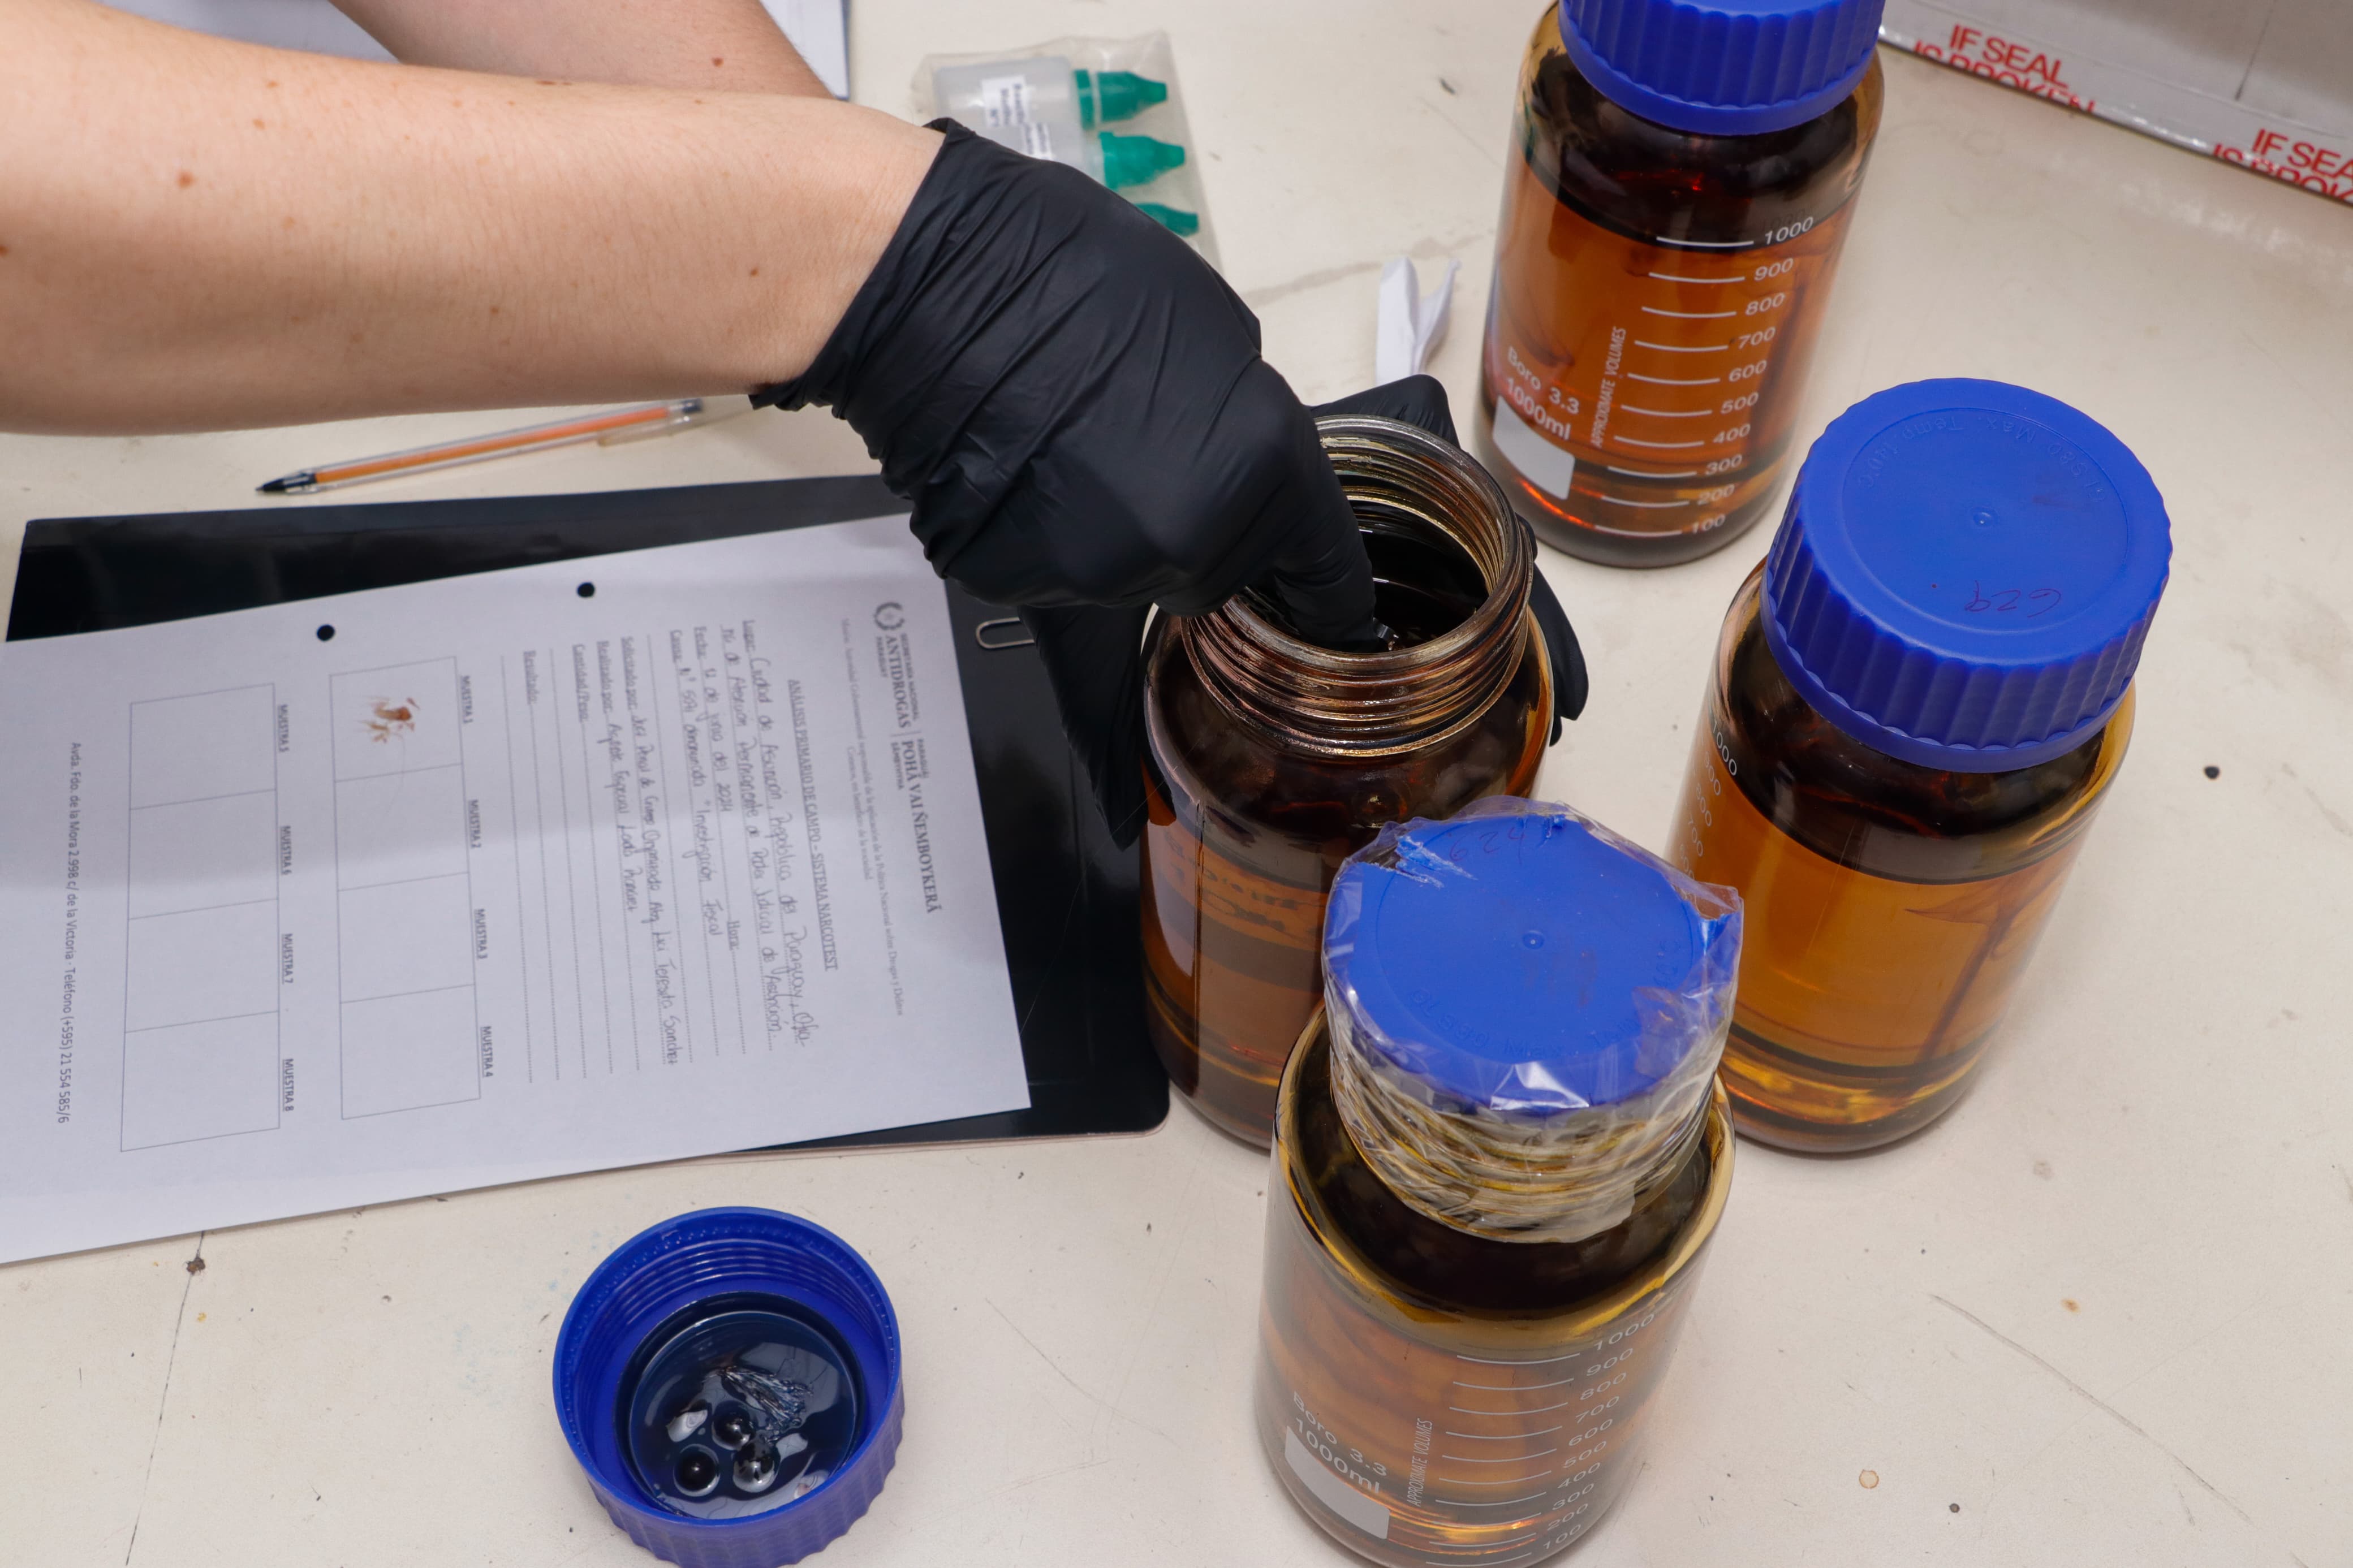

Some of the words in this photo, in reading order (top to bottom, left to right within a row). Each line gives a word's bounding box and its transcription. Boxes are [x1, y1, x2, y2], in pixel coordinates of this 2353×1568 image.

[1950, 24, 1981, 51] IF
[1983, 37, 2069, 89] SEAL
[2252, 128, 2288, 155] IF
[1765, 217, 1813, 245] 1000
[1755, 258, 1794, 280] 900
[1746, 292, 1785, 316] 800
[1738, 327, 1776, 349] 700
[1508, 346, 1541, 390] Boro
[1549, 387, 1579, 414] 3.3
[1728, 360, 1768, 383] 600
[1591, 378, 1615, 448] APPROXIMATE
[1605, 326, 1627, 375] VOLUMES
[1507, 377, 1571, 440] 1000ml
[1720, 392, 1759, 414] 500
[1713, 424, 1751, 446] 400
[1705, 455, 1743, 476] 300
[1697, 485, 1735, 506] 200
[1692, 515, 1726, 534] 100
[885, 634, 911, 728] ANTIDROGAS
[460, 675, 473, 717] MUESTRA
[706, 688, 719, 703] de
[788, 680, 806, 727] ANÁLISIS
[278, 704, 288, 745] MUESTRA
[759, 715, 774, 731] de
[70, 742, 82, 769] Avda.
[795, 729, 815, 784] PRIMARIO
[1713, 721, 1737, 776] 1000
[70, 772, 82, 793] Fdo.
[804, 787, 816, 803] DE
[908, 784, 924, 809] VAI
[69, 795, 81, 807] de
[69, 810, 81, 819] la
[68, 821, 80, 848] Mora
[468, 800, 481, 841] MUESTRA
[805, 803, 822, 843] CAMPO
[281, 826, 292, 868] MUESTRA
[67, 850, 80, 878] 2.998
[811, 853, 829, 902] SISTEMA
[65, 882, 79, 891] c/
[67, 894, 79, 906] de
[66, 909, 78, 918] la
[880, 892, 892, 926] Nacional
[64, 921, 77, 960] Victoria
[475, 909, 487, 952] MUESTRA
[727, 921, 741, 951] Hora:
[817, 903, 838, 971] NARCOTEST
[884, 928, 896, 949] sobre
[282, 933, 294, 976] MUESTRA
[886, 951, 899, 980] Drogas
[62, 968, 76, 1014] Teléfono
[893, 987, 904, 1016] Delitos
[58, 1016, 75, 1050] (+595)
[60, 1053, 73, 1065] 21
[481, 1026, 493, 1070] MUESTRA
[59, 1068, 72, 1088] 554
[283, 1059, 294, 1104] MUESTRA
[56, 1091, 71, 1124] 585/6
[1594, 1314, 1654, 1351] 1000
[1586, 1347, 1634, 1377] 900
[1580, 1372, 1627, 1401] 800
[1575, 1396, 1619, 1424] 700
[1294, 1391, 1337, 1444] Boro
[1350, 1448, 1387, 1476] 3.3
[1413, 1418, 1433, 1455] VOLUMES
[1568, 1419, 1613, 1446] 600
[1296, 1418, 1380, 1493] 1000ml
[1563, 1440, 1607, 1468] 500
[1407, 1455, 1428, 1507] APPROXIMATE
[1557, 1462, 1601, 1489] 400
[1552, 1483, 1594, 1511] 300
[1547, 1503, 1588, 1531] 200
[1544, 1524, 1581, 1550] 100
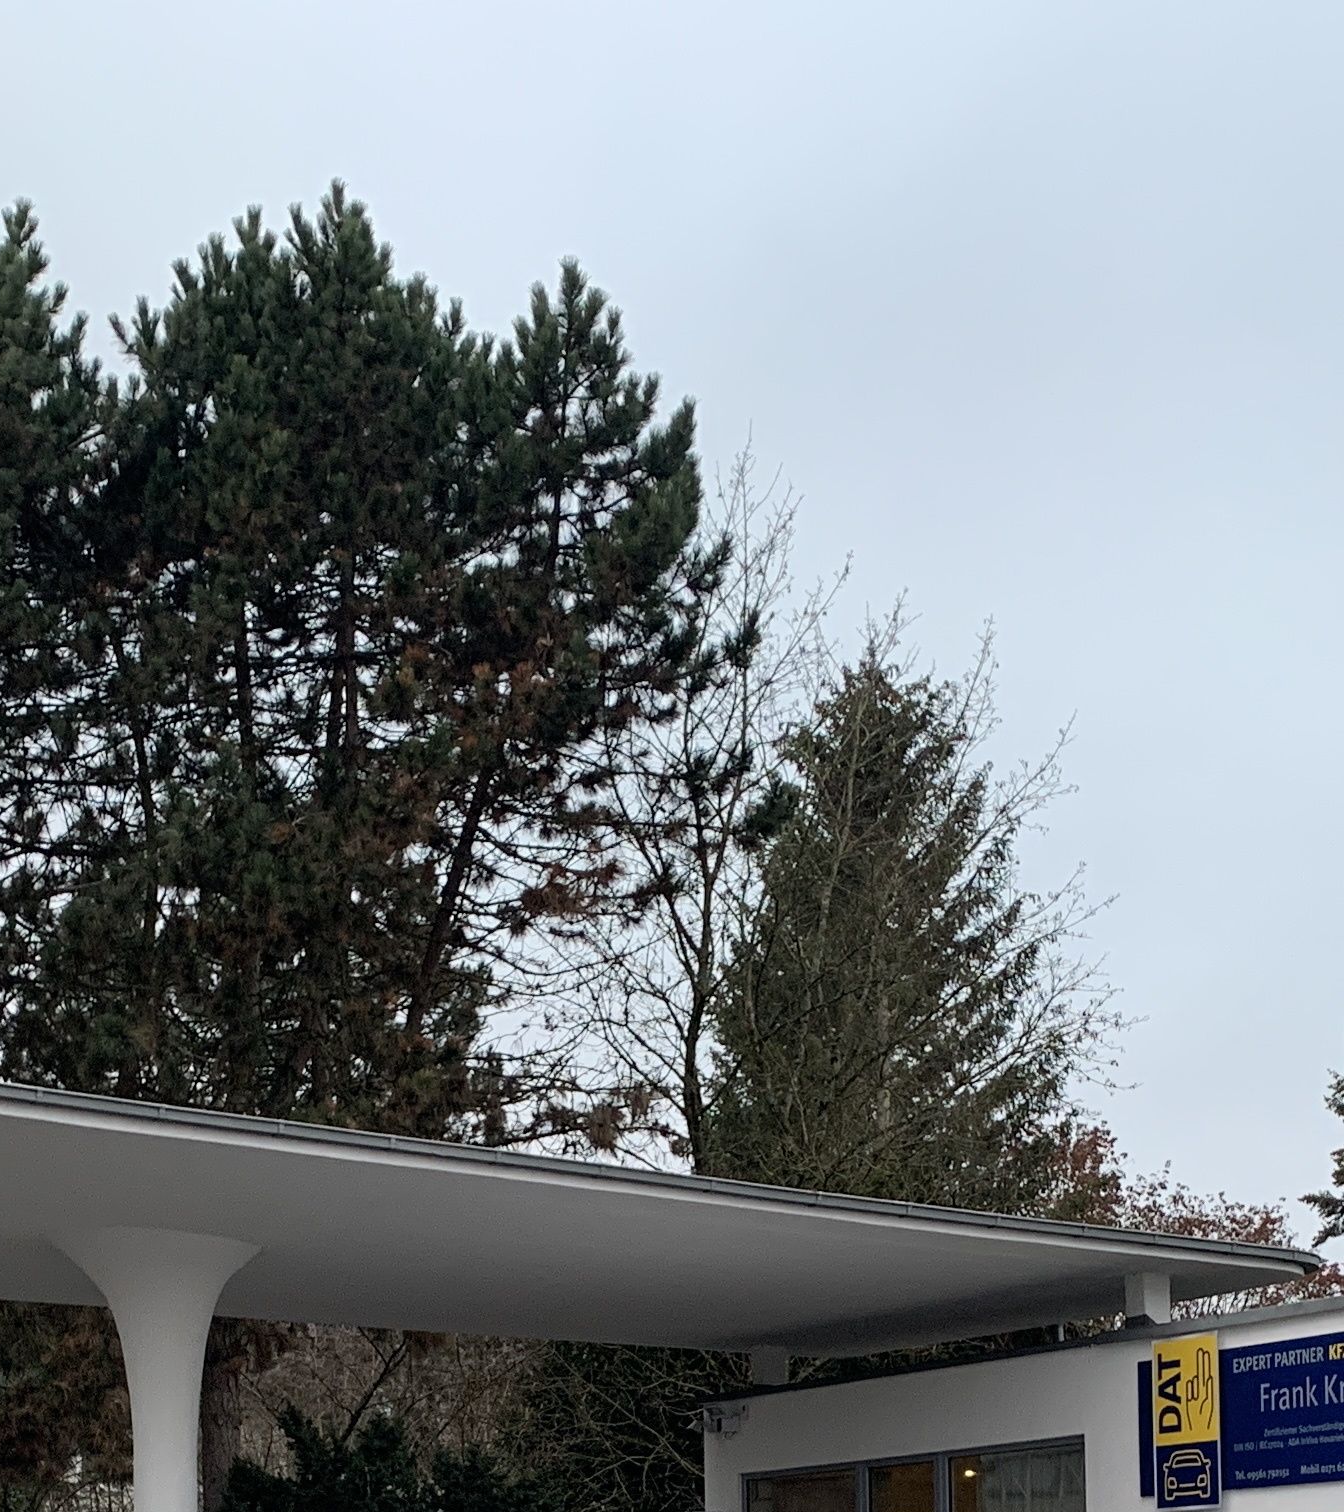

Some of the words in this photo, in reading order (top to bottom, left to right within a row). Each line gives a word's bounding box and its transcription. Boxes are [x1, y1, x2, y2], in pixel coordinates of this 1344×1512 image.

[1232, 1353, 1273, 1374] EXPERT
[1274, 1346, 1325, 1368] PARTNER
[1157, 1352, 1182, 1435] DAT
[1259, 1375, 1319, 1413] Frank

WHAT THE EXERCISE ASKS: All lines from the one containing "this 1344×1512 image." to the end of the records, both ends included, should be printed exactly and on their own.

RESPONSE TO THIS TASK:
Some of the words in this photo, in reading order (top to bottom, left to right within a row). Each line gives a word's bounding box and its transcription. Boxes are [x1, y1, x2, y2], in pixel coordinates of this 1344×1512 image.

[1232, 1353, 1273, 1374] EXPERT
[1274, 1346, 1325, 1368] PARTNER
[1157, 1352, 1182, 1435] DAT
[1259, 1375, 1319, 1413] Frank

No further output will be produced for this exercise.